If you’re having trouble building a winning business strategy, stop to consider your “why” and start thinking less like a business and more like a human.

“This human nature component translates to businesses as well,” McBride says. “Businesses are legal entities made up of people. They tend to have the same challenges as individuals: financial stress, friendships and relationships, break-ups, emotional drama, windfalls, setbacks, etc.”

And this is only the tip of the strategic thinking iceberg. McBride will cover even more in his “Winning in Business Requires Strategy” session on Wednesday, March 21 at IHRSA 2018 in San Diego, CA.

Methods for Defining Your ‘Why’

So then how do you reclaim your “why”? McBride recommends that companies and employees follow these three tips to better define why they do what they do:

  1. Work on a 30-45 second “why” that explains why your business is unique, different, and great in your senior leadership/management meetings.
  2. Take this statement to your department and front-line staff meetings and have these employees work on the same task.
  3. Imagine every employee at every level knowing your “why” and being able to personally, passionately articulate it whenever the conversation turns to the organization.

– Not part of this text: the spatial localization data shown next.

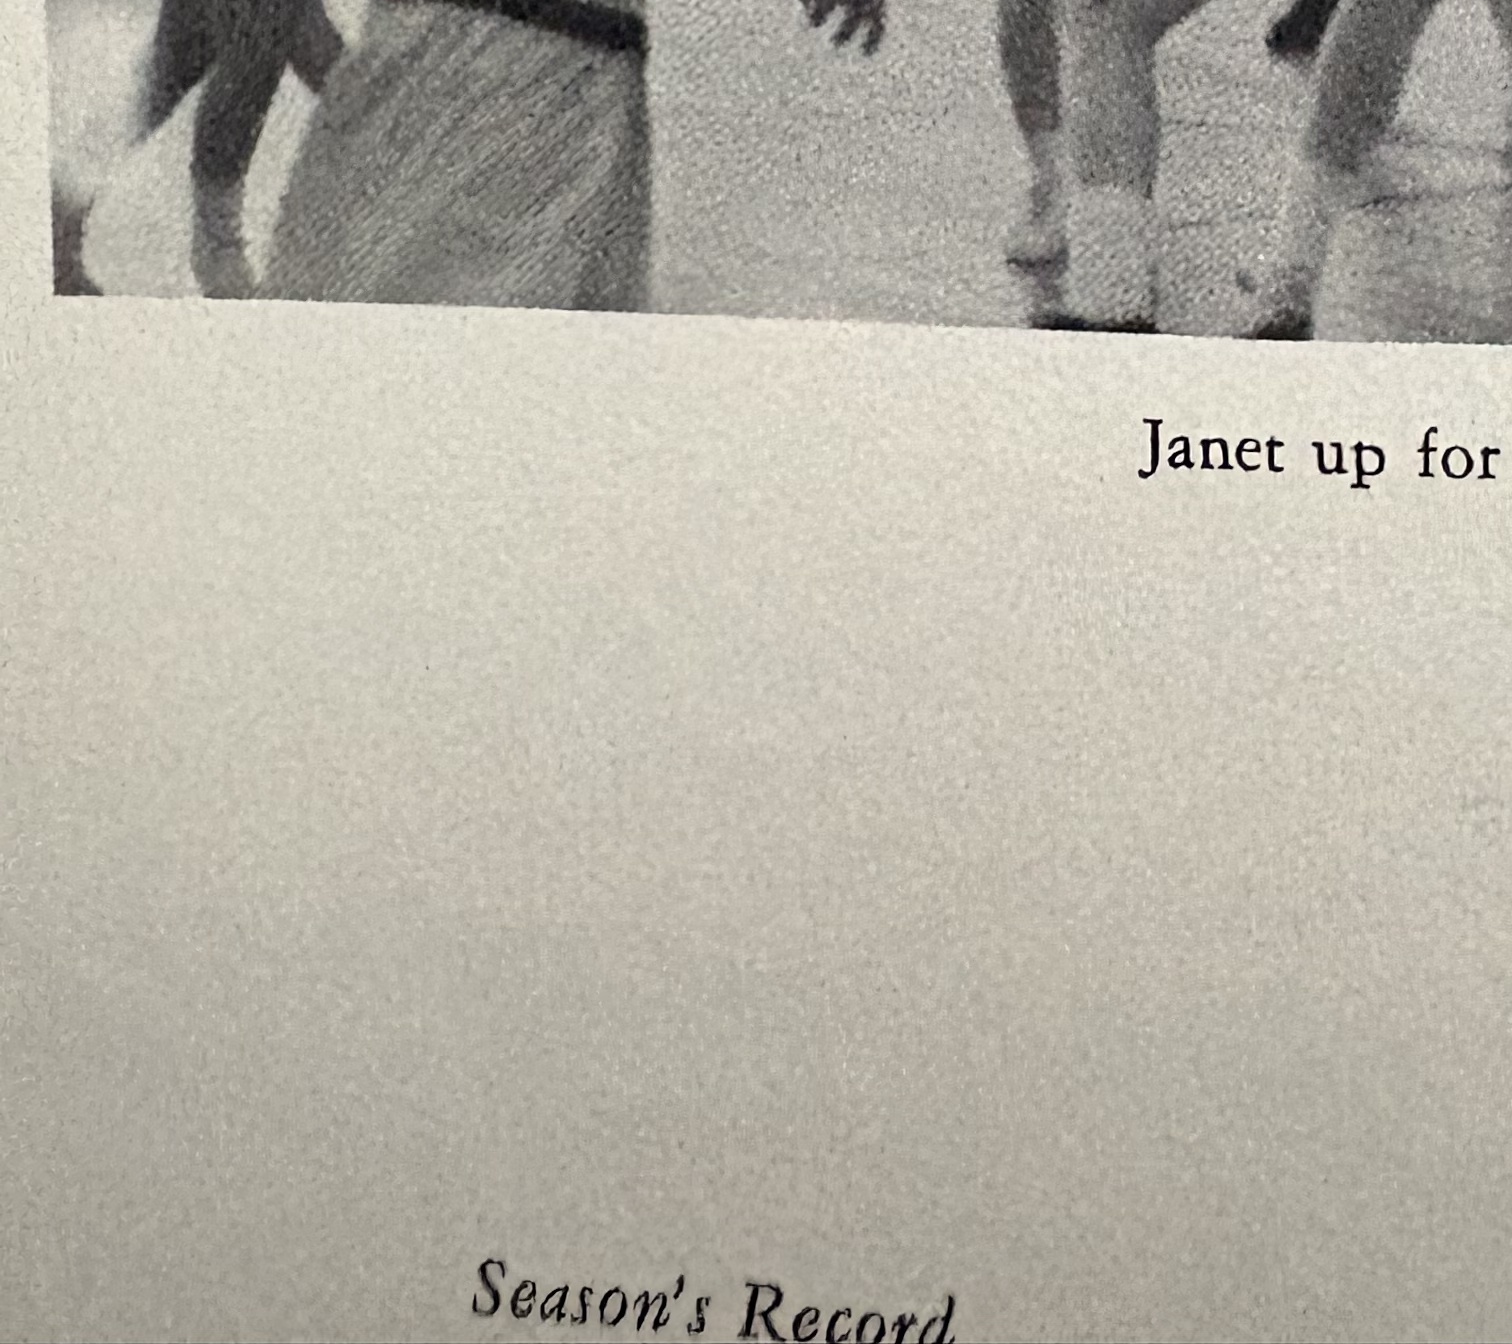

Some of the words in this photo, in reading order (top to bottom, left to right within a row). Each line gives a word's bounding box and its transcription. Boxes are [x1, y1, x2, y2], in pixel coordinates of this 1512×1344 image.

[1137, 418, 1285, 480] Janet
[1311, 440, 1387, 491] up
[1417, 426, 1502, 481] for
[472, 1257, 712, 1337] Season's
[737, 1281, 957, 1344] Record

“And remember,” says McBride, “these should be things no one else can say in your market…if anyone could claim it, it’s not special to your organization.”

“This human nature component translates to businesses ... They tend to have the same challenges as individuals: financial stress, friendships and relationships, break-ups, emotional drama, windfalls, setbacks, etc.”

Bill McBride, President & CEO

Active Wellness & BMC3, San Francisco, CA

Making Strategic Thinking Part of Your Culture

Defining your "why" creates awareness surrounding what you'd like to accomplish as part of your core business strategy. Once you've done that, you can serve unmet market needs.

The next step involves finding ways to make strategic thinking part of your daily business culture, and it is okay if this takes some time. It’s important to note that you should have a long-term vision surrounding strategic goals for your company and a short-term vision when discussing more actionable planning.

“I am a firm believer that you have to learn to say no to good ideas so you can execute on your current good/great ideas.”

Bill McBride, President & CEO

Active Wellness & BMC3, San Francisco, CA

McBride believes that the best way to start thinking strategically is to set aside specific times to discuss strategy.

“A lot of times we are in ‘firefighter’ mode and never get to strategic thinking mode in our operations meeting,” he says. “Setting strategic thinking time during operations meetings tends to cut short brainstorming time, so I find it best to have strategic meetings separate.”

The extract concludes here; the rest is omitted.